Message ID | 1535300717-26686-4-git-send-email-amir73il@gmail.com (mailing list archive) |
---|---|
State | New, archived |
Headers | show |
Series | Overlayfs stacked f_op fixes | expand |
On Sun, Aug 26, 2018 at 07:25:14PM +0300, Amir Goldstein wrote: > Since overlayfs implements stacked file operations, the underlying > filesystems are not supposed to be exposed to the overlayfs file, > whose f_inode is an overlayfs inode. > > Assigning an overlayfs file to swap_file results in an attempt of xfs > code to dereference an xfs_inode struct from an ovl_inode pointer: > > CPU: 0 PID: 2462 Comm: swapon Not tainted > 4.18.0-xfstests-12721-g33e17876ea4e #3402 > RIP: 0010:xfs_find_bdev_for_inode+0x23/0x2f > Call Trace: > xfs_iomap_swapfile_activate+0x1f/0x43 > __se_sys_swapon+0xb1a/0xee9 > > Fix this by not assigning the real inode mapping to f_mapping, which > will cause swapon() to return an error (-EINVAL).
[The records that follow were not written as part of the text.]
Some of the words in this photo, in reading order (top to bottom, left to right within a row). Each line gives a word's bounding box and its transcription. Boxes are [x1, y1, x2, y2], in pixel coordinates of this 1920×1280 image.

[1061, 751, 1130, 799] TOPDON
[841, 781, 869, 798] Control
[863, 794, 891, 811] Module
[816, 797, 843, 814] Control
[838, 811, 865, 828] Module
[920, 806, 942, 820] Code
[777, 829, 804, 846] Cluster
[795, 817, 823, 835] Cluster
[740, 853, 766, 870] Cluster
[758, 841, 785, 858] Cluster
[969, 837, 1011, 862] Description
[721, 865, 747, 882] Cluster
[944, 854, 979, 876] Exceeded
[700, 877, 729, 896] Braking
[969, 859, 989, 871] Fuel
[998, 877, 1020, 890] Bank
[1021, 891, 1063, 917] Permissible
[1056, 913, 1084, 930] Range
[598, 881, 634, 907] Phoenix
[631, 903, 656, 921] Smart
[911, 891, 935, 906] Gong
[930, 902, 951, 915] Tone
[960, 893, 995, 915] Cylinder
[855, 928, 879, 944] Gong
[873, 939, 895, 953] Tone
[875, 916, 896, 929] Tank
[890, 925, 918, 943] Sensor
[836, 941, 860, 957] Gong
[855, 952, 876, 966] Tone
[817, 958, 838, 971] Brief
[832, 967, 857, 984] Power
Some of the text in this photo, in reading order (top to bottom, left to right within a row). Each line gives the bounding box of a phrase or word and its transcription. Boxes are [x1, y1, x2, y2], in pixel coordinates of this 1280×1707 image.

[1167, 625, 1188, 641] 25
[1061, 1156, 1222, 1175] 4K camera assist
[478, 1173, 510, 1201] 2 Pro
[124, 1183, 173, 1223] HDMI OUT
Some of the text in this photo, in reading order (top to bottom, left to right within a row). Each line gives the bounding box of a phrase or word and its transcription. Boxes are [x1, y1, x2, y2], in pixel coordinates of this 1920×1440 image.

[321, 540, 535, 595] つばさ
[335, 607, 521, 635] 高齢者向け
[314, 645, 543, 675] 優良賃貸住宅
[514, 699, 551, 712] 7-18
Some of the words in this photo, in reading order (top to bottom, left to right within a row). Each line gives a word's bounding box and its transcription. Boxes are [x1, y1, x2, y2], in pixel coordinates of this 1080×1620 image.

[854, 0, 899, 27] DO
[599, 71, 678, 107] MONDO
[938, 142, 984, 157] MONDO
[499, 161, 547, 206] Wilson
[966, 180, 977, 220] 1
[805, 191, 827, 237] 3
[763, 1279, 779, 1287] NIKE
Although it makes > sense not to allow setting swpafile on an overlayfs file, some users > may depend on it, so we may need to fix this up in the future. > > Keeping f_mapping pointing to overlay inode mapping will cause O_DIRECT > open to fail. Fix this by installing ovl_aops with noop_direct_IO in > overlay inode mapping. Ummm - shouldn't ovl be checking the real inode's .direct_IO method and returning status based on that? i.e. if the underlying fs doesn't support O_DIRECT, neither should ovl... > +const struct address_space_operations ovl_aops = { > + /* For O_DIRECT dentry_open() checks f_mapping->a_ops->direct_IO */ > + .direct_IO = noop_direct_IO, > +}; > + > /* > * It is possible to stack overlayfs instance on top of another > * overlayfs instance as lower layer. We need to annonate the > @@ -575,6 +580,7 @@ static void ovl_fill_inode(struct inode *inode, umode_t mode, dev_t rdev, > case S_IFREG: > inode->i_op = &ovl_file_inode_operations; > inode->i_fop = &ovl_file_operations; > + inode->i_mapping->a_ops = &ovl_aops; > break; So you put an ovl interposer in the way here - it needs to pass through *everything* to the the real inode's aops, right? Cheers, Dave.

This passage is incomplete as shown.